## TASK TO COMPLETE
Nothing may be dropped or altered: reproduce all the data.

Stored items
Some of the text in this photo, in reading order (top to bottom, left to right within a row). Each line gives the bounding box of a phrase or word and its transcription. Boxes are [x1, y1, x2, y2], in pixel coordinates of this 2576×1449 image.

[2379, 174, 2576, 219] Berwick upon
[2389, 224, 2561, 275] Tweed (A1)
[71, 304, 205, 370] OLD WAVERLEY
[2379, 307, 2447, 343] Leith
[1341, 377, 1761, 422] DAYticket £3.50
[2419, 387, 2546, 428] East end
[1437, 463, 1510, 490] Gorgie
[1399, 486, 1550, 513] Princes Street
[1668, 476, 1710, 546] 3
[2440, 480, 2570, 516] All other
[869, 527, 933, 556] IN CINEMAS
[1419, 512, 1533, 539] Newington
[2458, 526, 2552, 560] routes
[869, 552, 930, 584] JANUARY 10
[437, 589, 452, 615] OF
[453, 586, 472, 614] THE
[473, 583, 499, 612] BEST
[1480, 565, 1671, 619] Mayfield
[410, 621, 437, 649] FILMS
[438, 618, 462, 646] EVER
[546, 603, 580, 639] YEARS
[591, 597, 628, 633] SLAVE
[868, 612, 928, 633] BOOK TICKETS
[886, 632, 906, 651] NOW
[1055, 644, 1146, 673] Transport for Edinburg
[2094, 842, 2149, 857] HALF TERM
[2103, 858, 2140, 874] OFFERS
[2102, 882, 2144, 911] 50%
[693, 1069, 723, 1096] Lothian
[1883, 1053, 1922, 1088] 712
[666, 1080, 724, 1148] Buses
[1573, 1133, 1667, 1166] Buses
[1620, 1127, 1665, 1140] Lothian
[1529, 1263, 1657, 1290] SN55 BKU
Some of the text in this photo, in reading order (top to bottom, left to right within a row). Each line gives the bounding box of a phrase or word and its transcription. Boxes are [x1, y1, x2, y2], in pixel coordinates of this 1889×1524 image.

## REPLY TO THE TASK
Some of the text in this photo, in reading order (top to bottom, left to right within a row). Each line gives the bounding box of a phrase or word and its transcription. Boxes are [x1, y1, x2, y2], in pixel coordinates of this 2576×1449 image.

[2379, 174, 2576, 219] Berwick upon
[2389, 224, 2561, 275] Tweed (A1)
[71, 304, 205, 370] OLD WAVERLEY
[2379, 307, 2447, 343] Leith
[1341, 377, 1761, 422] DAYticket £3.50
[2419, 387, 2546, 428] East end
[1437, 463, 1510, 490] Gorgie
[1399, 486, 1550, 513] Princes Street
[1668, 476, 1710, 546] 3
[2440, 480, 2570, 516] All other
[869, 527, 933, 556] IN CINEMAS
[1419, 512, 1533, 539] Newington
[2458, 526, 2552, 560] routes
[869, 552, 930, 584] JANUARY 10
[437, 589, 452, 615] OF
[453, 586, 472, 614] THE
[473, 583, 499, 612] BEST
[1480, 565, 1671, 619] Mayfield
[410, 621, 437, 649] FILMS
[438, 618, 462, 646] EVER
[546, 603, 580, 639] YEARS
[591, 597, 628, 633] SLAVE
[868, 612, 928, 633] BOOK TICKETS
[886, 632, 906, 651] NOW
[1055, 644, 1146, 673] Transport for Edinburg
[2094, 842, 2149, 857] HALF TERM
[2103, 858, 2140, 874] OFFERS
[2102, 882, 2144, 911] 50%
[693, 1069, 723, 1096] Lothian
[1883, 1053, 1922, 1088] 712
[666, 1080, 724, 1148] Buses
[1573, 1133, 1667, 1166] Buses
[1620, 1127, 1665, 1140] Lothian
[1529, 1263, 1657, 1290] SN55 BKU
Some of the text in this photo, in reading order (top to bottom, left to right within a row). Each line gives the bounding box of a phrase or word and its transcription. Boxes are [x1, y1, x2, y2], in pixel coordinates of this 1889×1524 image.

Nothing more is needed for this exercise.